There are differences concerning the modality: the rate is similar in patients on peritoneal dialysis and hemodialysis and lower in those with a renal transplant. When interpreting these results it should be taken into account that the considered modality of treatment is the one present when the patient died, independently of its previous duration.
The most frequent cause of death is cardiovascular disease, which accounts for more than 30% at all ages and treatment groups, a bit lower among the patients with a transplant. The next cause is infection diseases, which are present in 20% of the cases. In patients with a transplant, cancer is the second cause of death in 17% of the cases.
INTERNATIONAL COMPARISON
Compared with other European countries, the incidence of chronic renal failure requiring renal replacement therapy is intermediate, being higher than that of countries such as Iceland (75 pmp), Finland (94 pmp), Norway (100 pmp) and the Netherlands (105 pmp), and lower than Greece (195 pmp) and Austria (159 pmp).8
The prevalence of treated ESCRD in Spain is middle-high, higher as that in Iceland (479 pmp), Finland (685 pmp), Norway (708 pmp) and lower as that in Greece (922 pmp) and Germany (989 pmp). The distribution by etiology in Spain is similar as that presented by the countries participating in the EDTA Register, though Spain shows a lower prevalence of diabetes mellitus.
The relation between incidence and prevalence highly depends on the mortality rate of patients on renal replacement therapy, and that is very different between European countries,9 and explained in part by the mortality in the general population.
DISCUSSION
The population covered by this report was approximately 80% of the Spanish population at January 1st of 2005.
The incidence of new patients seems to remain stable, about 126 pmp. It is predictable that, in case of no changes in the tendency, the incidence in Spain will be 123-131 pmp in the following years.
The incidence is variable between the different Autonomies, although the differences in the incidence could be related either to methodological issues in data collection or to actual differences in the nephropathies leading to renal replacement therapy. This incidence trend may also be observed at a level below the Autonomy level.10-12 In Spain, these differences can not be the cause since almost all collaborating Autonomies have a register with reliable and validated data. It is true that the Canary Islands has one of the highest incidences of patients with diabetes (80 pmp in 2005), but in the other Autonomies the differences in the nephropathies leading to renal failure are not clear.
Renal failure affects mainly old people. The risk in each age group is not expected to vary for the next years, but population aging will determine the number of patients who will initiate renal replacement therapy and in part also the etiology.

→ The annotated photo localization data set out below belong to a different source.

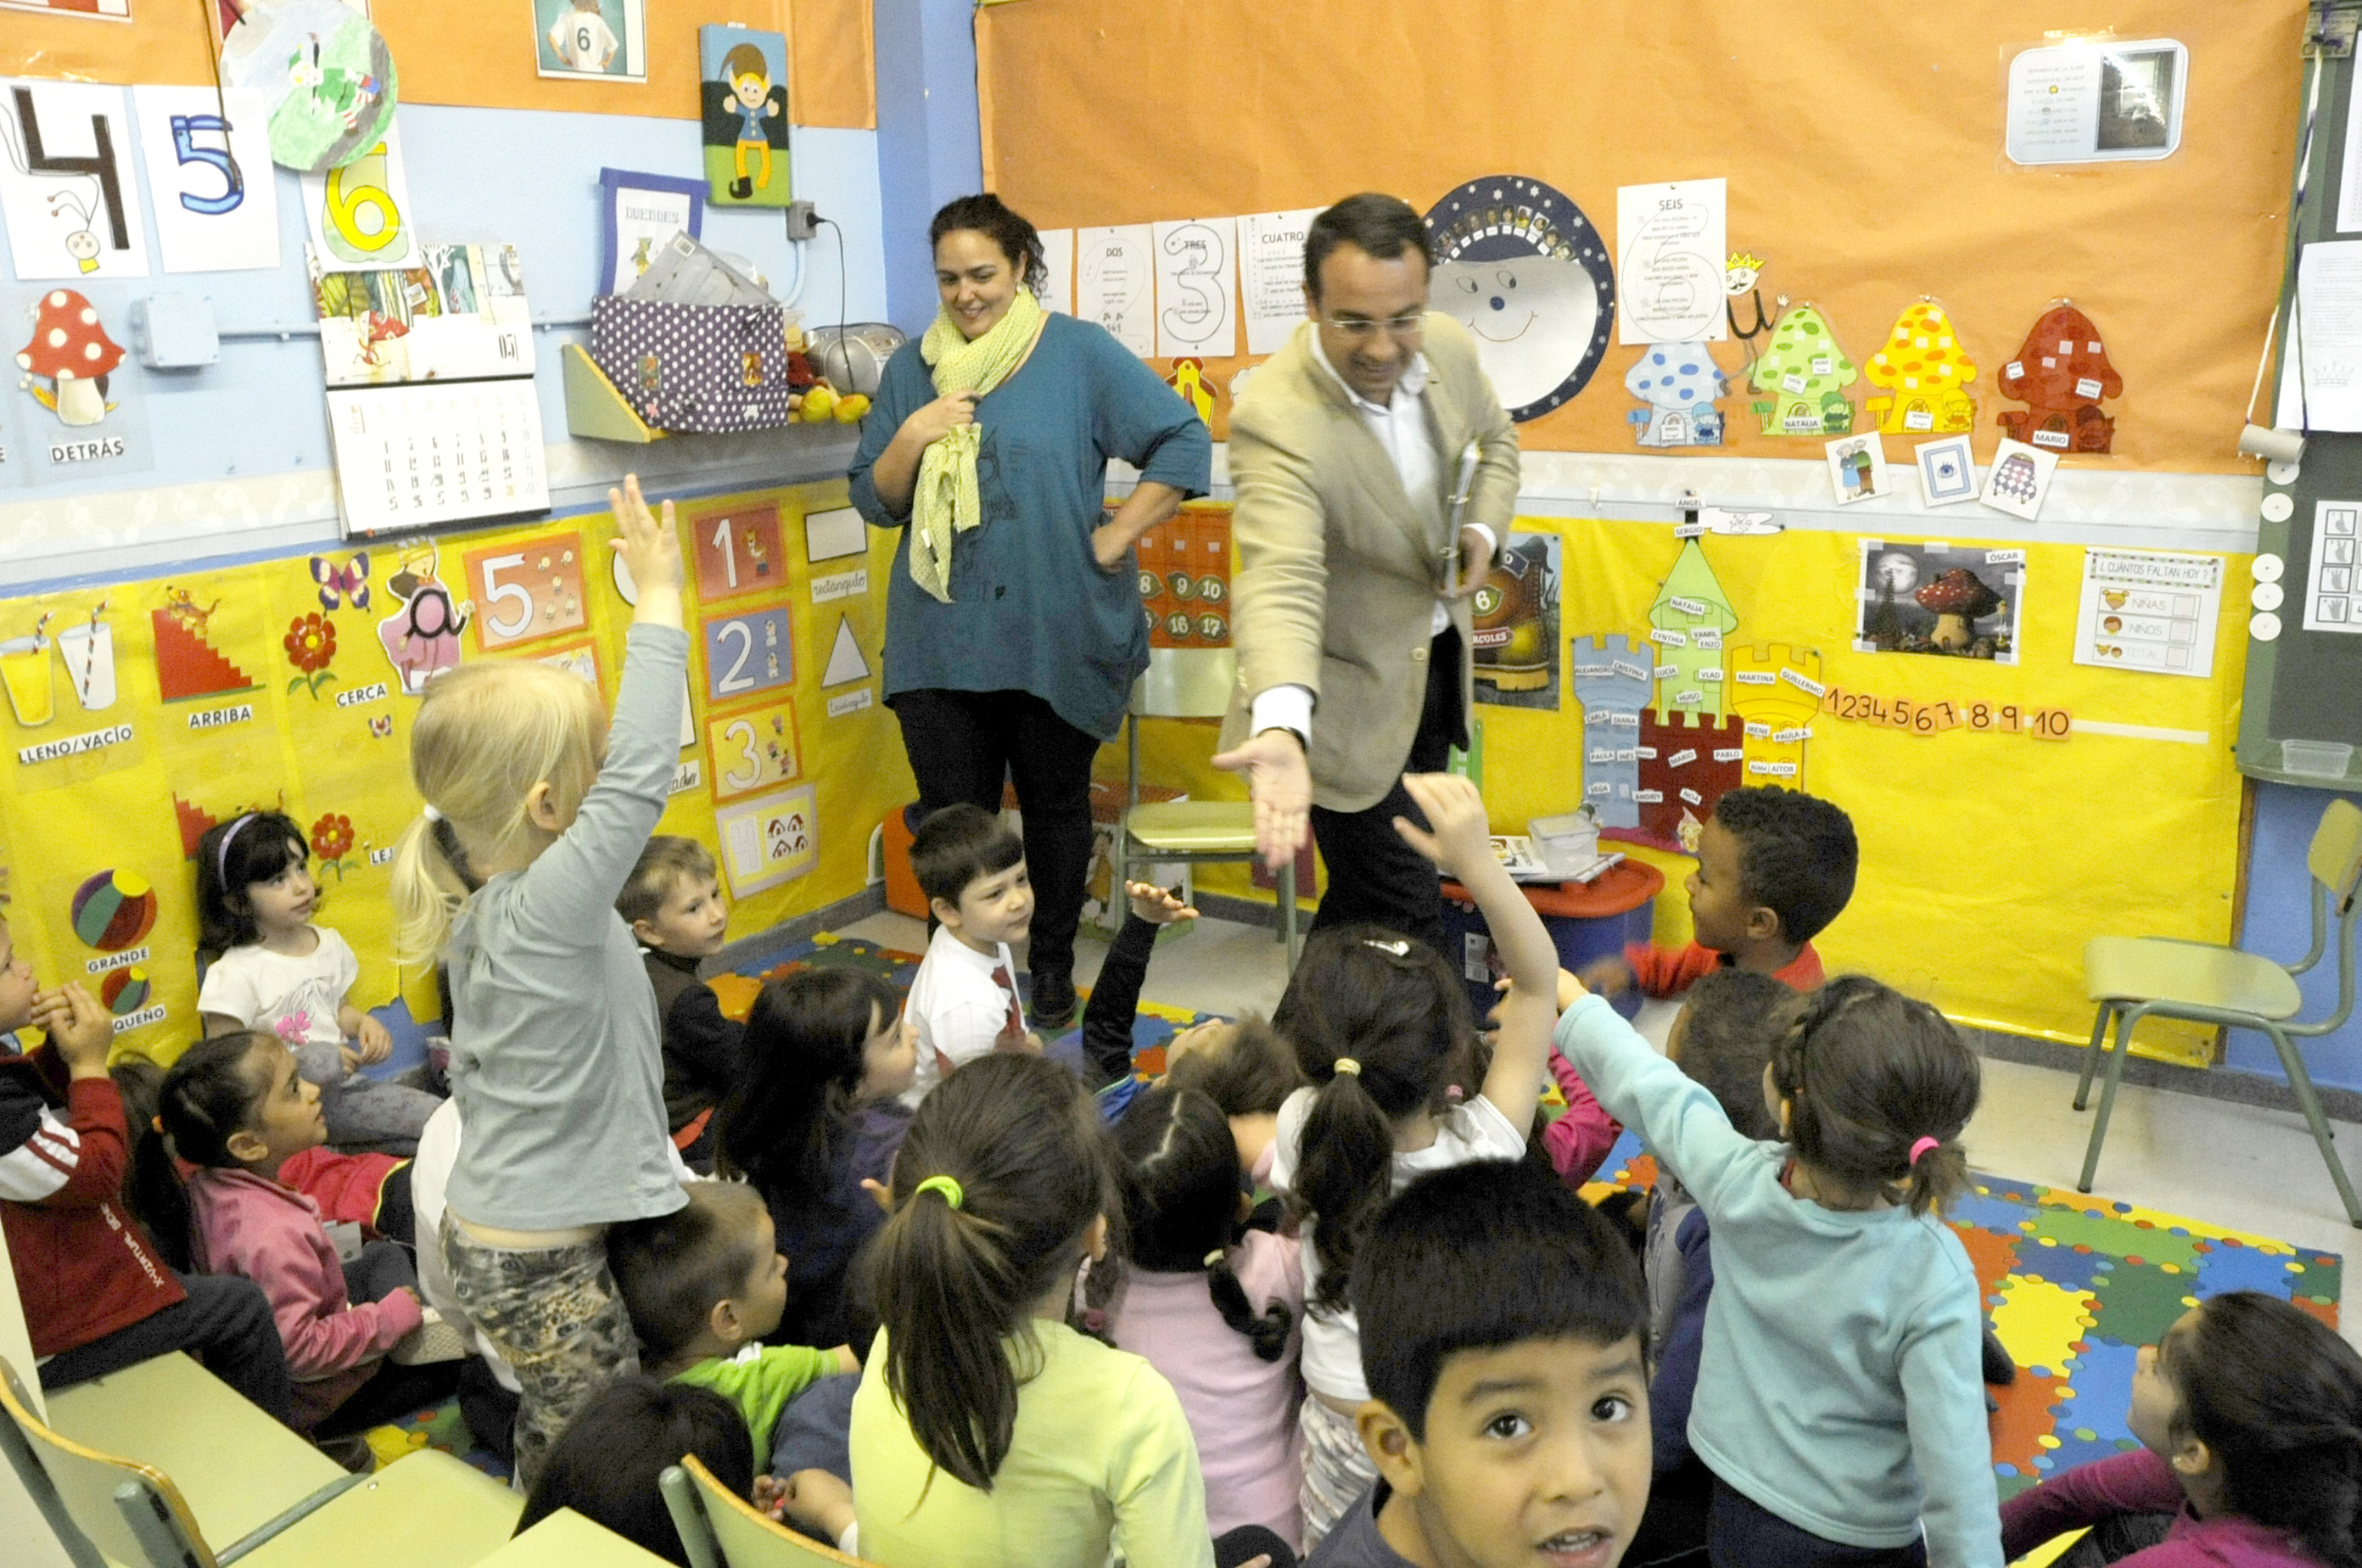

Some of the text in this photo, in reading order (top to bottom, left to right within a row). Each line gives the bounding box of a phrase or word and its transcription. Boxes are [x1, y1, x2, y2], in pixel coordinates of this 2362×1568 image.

[577, 27, 590, 51] 6
[13, 88, 130, 250] 4
[170, 115, 244, 216] 5
[326, 143, 400, 252] 6
[1659, 199, 1683, 210] SEIS
[1184, 240, 1206, 249] TRES
[1262, 232, 1304, 244] CUATRO
[1105, 248, 1123, 257] DOS
[2035, 434, 2066, 445] MARIO
[52, 438, 125, 462] DETRÁS
[1678, 499, 1703, 507] ÁNGEL
[1676, 526, 1703, 536] SERGIO
[712, 518, 738, 590] 1
[1990, 552, 2019, 563] ÓSCAR
[2147, 564, 2180, 578] FALTAN
[2183, 568, 2199, 579] HOY
[1139, 576, 1221, 599] 8 9 10
[482, 552, 535, 638] 5
[1475, 590, 1491, 610] 6
[1671, 599, 1704, 613] NATALIA
[2132, 598, 2166, 611] NIÑAS
[1170, 615, 1189, 634] 16
[1202, 617, 1221, 636] 17
[2130, 623, 2163, 636] NIÑOS
[1653, 631, 1685, 645] CYNTHIA
[1700, 640, 1721, 648] ENZO
[718, 620, 755, 694] 2
[2126, 647, 2158, 659] TOTAL
[1575, 665, 1614, 674] ALEJANDRO
[1614, 662, 1645, 678] CRISTINA
[1656, 667, 1677, 677] LUCÍA
[1700, 670, 1721, 679] VLAD
[1738, 673, 1774, 682] MARTINA
[1782, 669, 1824, 695] GUILLERMO
[337, 684, 387, 708] CERCA
[1678, 692, 1700, 702] HUGO
[189, 706, 251, 728] ARRIBA
[1586, 712, 1607, 722] CARLA
[1828, 688, 2070, 736] 1 2 3 4 5 6 7 8 9 10
[1748, 725, 1768, 735] IRENE
[1775, 731, 1799, 741] PAULA
[20, 726, 132, 764] LLENO/VACÍO
[725, 720, 762, 790] 3
[1670, 752, 1694, 764] MARIO
[1716, 750, 1740, 759] PABLO
[1589, 785, 1609, 793] VEGA
[1683, 790, 1699, 802] NOA
[88, 948, 148, 972] GRANDE
[114, 1007, 165, 1032] QUEÑO

Although the incidence in Spain is intermediate among European countries, the prevalence falls within the high range. A possible explanation is that the mortality in patients with transplant is lower as compared with that of patients on replacement therapy, and the proportion of prevalent patients with transplant is high in Spain. Other studies point out that the mortality in patients on replacement therapy is closely related to the mortality in the general population, and the mortality is lower in Mediterranean countries.9
Given that the disease is a chronic condition and that the ratio of incident and dead patients is higher than 1, the prevalence will keep on increasing in the next years, though this increase will be affected by the demographic movements that are expected in the next years in Spain.3 The decrease of the birth rate and the increase in the death rate let us predict that the population in 2030 will be 43,500,000 habitants, with a constant trend to decrease. At the same time, the arrival of immigrants, approximately 100,000 per year for the period 2008-2030 will strongly influence the prevalence in the next years.